Vol. 15, Issue 3 Apr 2015

Case Management: Treatment of Achalasia

Contributing Author: John DeWitt, MD

ACCREDITATION STATEMENT
Indiana University School of Medicine is accredited by the Accreditation Council for Continuing Medical Education to provide continuing medical education for physicians.

DESIGNATION STATEMENT
Indiana University School of Medicine designates this enduring material for a maximum of 1.0 AMA PRA Category 1 Credits™. Physicians should claim only the credit commensurate with the extent of their participation in the activity.

FACULTY DISCLOSURE STATEMENT
In accordance with the Accreditation Council for Continuing Medical Education (ACCME) Standards for Commercial Support, educational programs sponsored by Indiana University School of Medicine (IUSM) must demonstrate balance, independence, objectivity, and scientific rigor. All faculty, authors, editors, and planning committee members participating in an IUSM-sponsored activity are required to disclose any relevant financial interest or other relationship with the manufacturer(s) of any commercial product(s) and/or provider(s) of commercial services that are discussed in an educational activity.

COMMITTEE AND AUTHOR DISCLOSURE
Statements of Disclosure of Relevant Financial Relationships have been obtained from John DeWitt, MD. Dr. DeWitt has disclosed that he has no relevant financial relationships with any commercial interests.

OBJECTIVES
After reading this article, the reader should be able to:

  • Discuss the pathophysiology of achalasia.
  • Describe the usual presentation and diagnosis of achalasia.
  • Identify the goal of achalasia treatment.
  • Summarize the nonsurgical interventions for achalasia.
  • Compare and contrast the two surgical options for the management of achalasia.
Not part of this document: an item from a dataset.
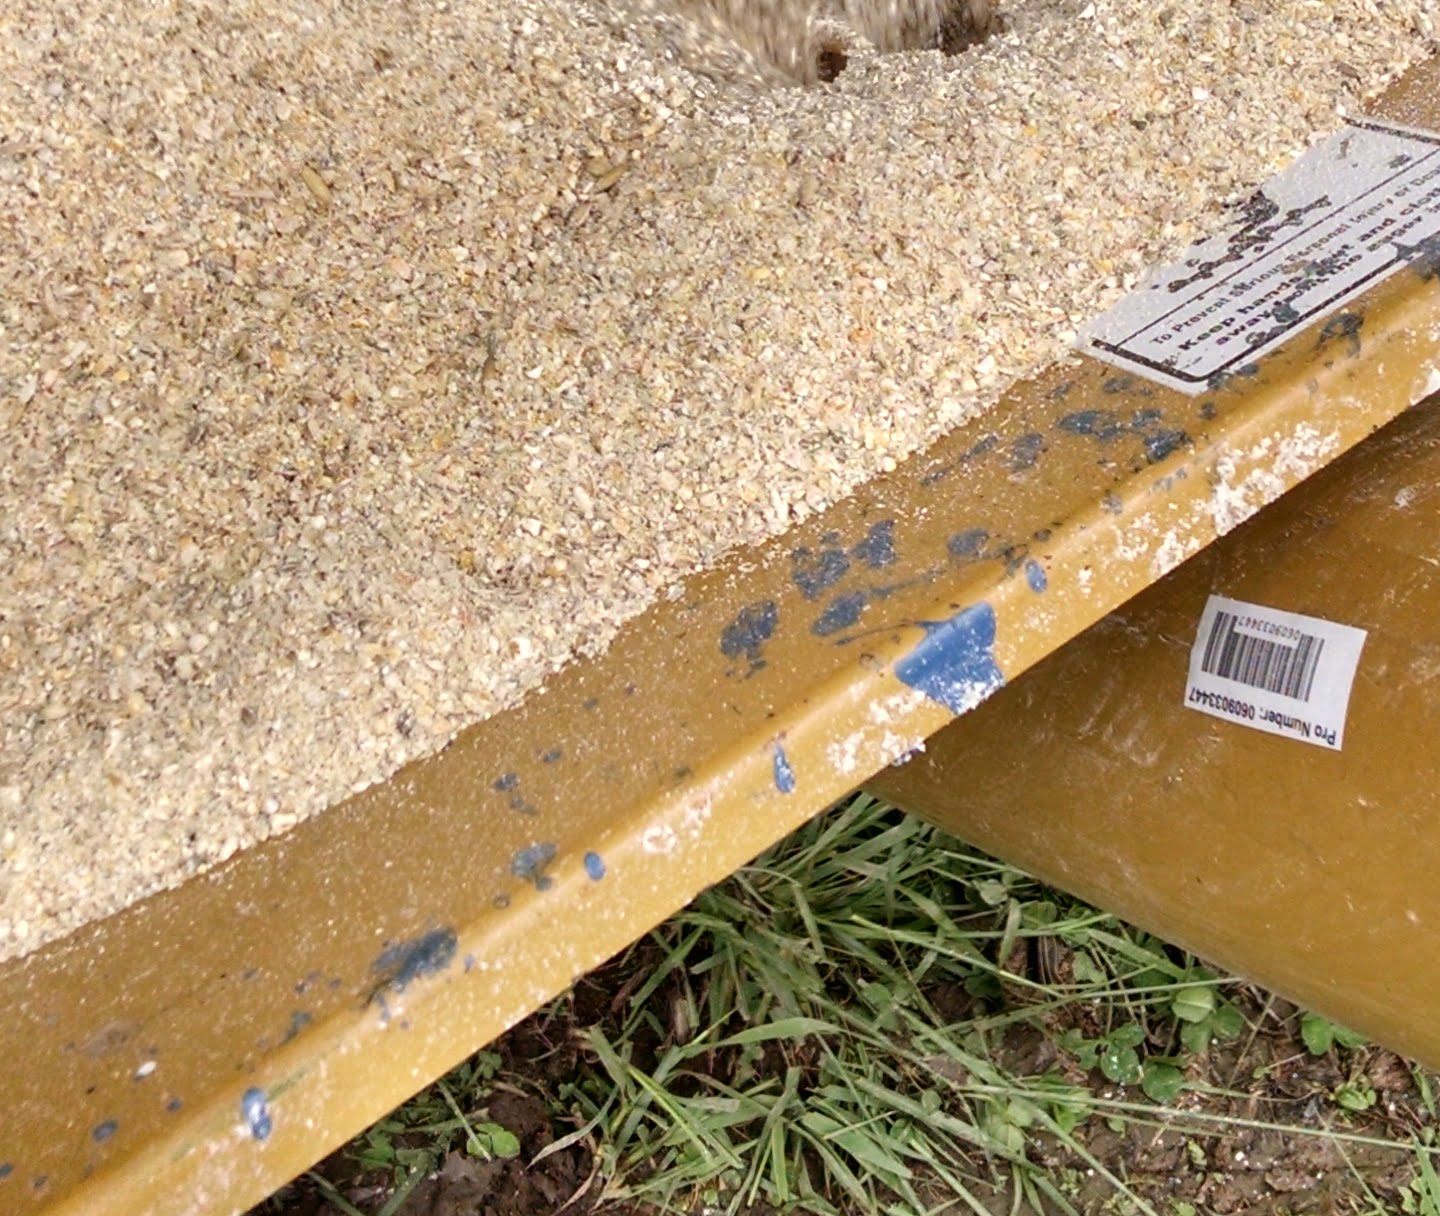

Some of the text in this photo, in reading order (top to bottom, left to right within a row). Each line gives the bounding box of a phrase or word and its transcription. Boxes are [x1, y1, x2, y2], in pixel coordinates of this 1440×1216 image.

Date of original release: April 2015
Date of expiration: April 2016


Note: While it offers CME credits, this activity is not intended to provide extensive training or certification in the field.

Overview of Achalasia

Achalasia is a primary motility disorder characterized by the absence of esophageal body peristalsis, elevated lower esophageal sphincter (LES) pressure, and impaired LES relaxation during swallowing that collectively combine to prevent passage of bolus through the gastroesophageal junction (GEJ). A rare condition, achalasia has an annual incidence of 1.0 cases per 100,0001 and generally develops in adults aged 25 to 60 years, with men and women equally affected. The motor abnormalities that typify the disease are attributable to a loss of esophageal myenteric plexus neurons.2 Its precise etiology remains unknown, however, with infectious, genetic, and autoimmune mechanisms suspected.3

"The onset and progression of achalasia are gradual, and patients often experience symptoms for years before seeking medical attention," explains John DeWitt, MD, director of endoscopic ultrasound at IU Health Physicians and professor of medicine at Indiana University School of Medicine. "The most common clinical manifestation is dysphagia for solids and liquids, which is seen in more than 90 percent of patients. Other symptoms include regurgitation of undigested food and saliva, which may be severe and cause pulmonary complications, such as cough or aspiration pneumonia; chest pain; heartburn; and weight loss."

The gold standard for the diagnosis of achalasia is esophageal manometry. High-resolution manometry uses closely spaced sensors (≤1.0 cm apart) to record pressure along the entire length and radius of the esophagus and at both the lower and upper sphincters, thus avoiding data gaps that occur with conventional manometry. The addition of pressure topography plotting allows classification of achalasia into three subtypes (Table 1), which helps predict response to treatment and guide management.4,5 Radiographic studies (e.g., barium esophagram) and endoscopic evaluation are performed to provide additional information, rule out mechanical obstruction, and distinguish primary from secondary achalasia caused by malignancy.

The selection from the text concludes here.